25 giugno 2012

A Dio spiacente e a' nemici sui

di Federico Catani
Circa un anno fa, ebbi l'incoscienza di pubblicare un post di successo in cui festeggiavo la fine dell'era Tettamanzi a Milano e la nomina di un nuovo cardinale, Angelo Scola. Pur sapendo bene che l'ex Patriarca di Venezia non era certamente San Carlo Borromeo o il beato Ildefonso Schuster, gioii, insieme a molti altri, perché sulla Cattedra di Sant'Ambrogio tornava a sedere un vescovo cattolico o almeno filo-cattolico.

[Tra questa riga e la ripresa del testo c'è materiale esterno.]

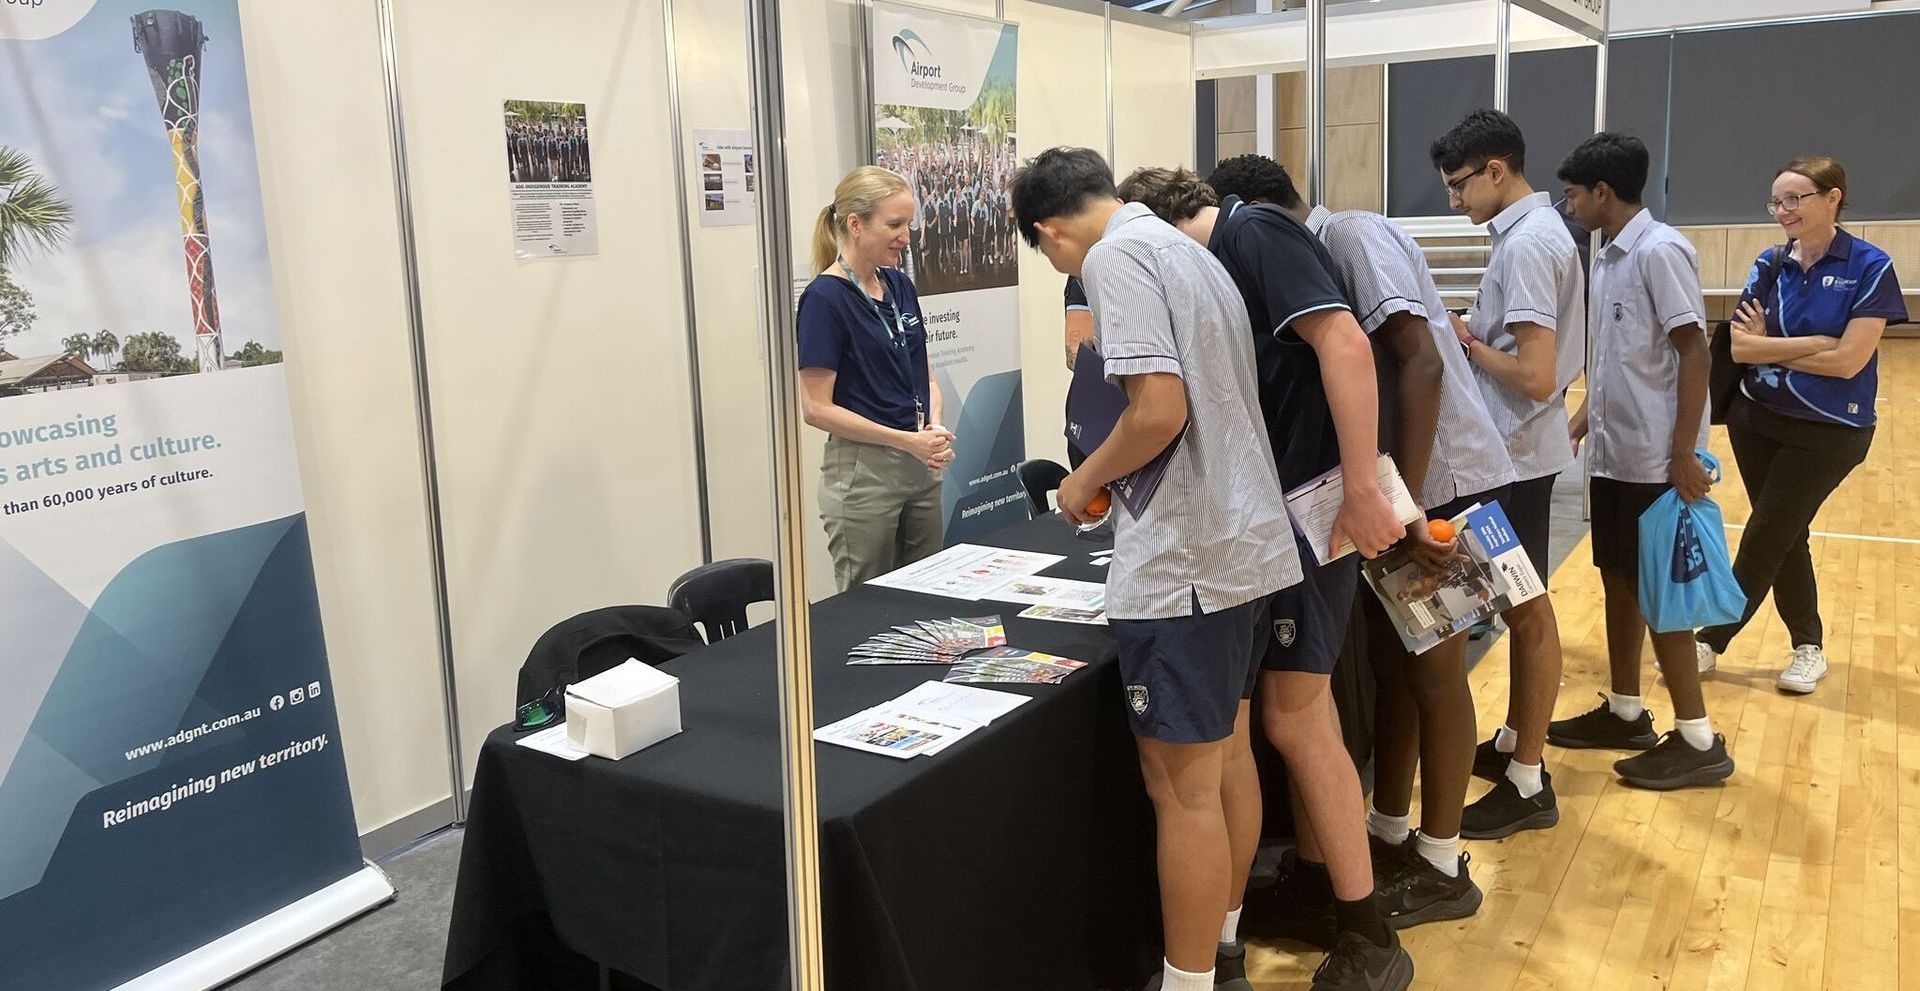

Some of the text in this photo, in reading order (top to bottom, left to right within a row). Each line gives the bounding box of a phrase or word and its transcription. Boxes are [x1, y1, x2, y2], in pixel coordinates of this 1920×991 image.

Mi sono sbagliato. Dicono che riconoscere i propri errori è segno di onestà intellettuale e io lo faccio, mi batto il petto e recito il Confiteor: mea culpa, mea culpa, mea maxima culpa. Il motivo di questa presa di distanza dall'arcivescovo meneghino? La lettera scritta da don Julian Carròn, successore di don Luigi Giussani alla guida di Comunione e Liberazione, pubblicata indebitamente da Gianluigi Nuzzi nel suo "Sua Santità" e poi ripresa dal Fatto quotidiano.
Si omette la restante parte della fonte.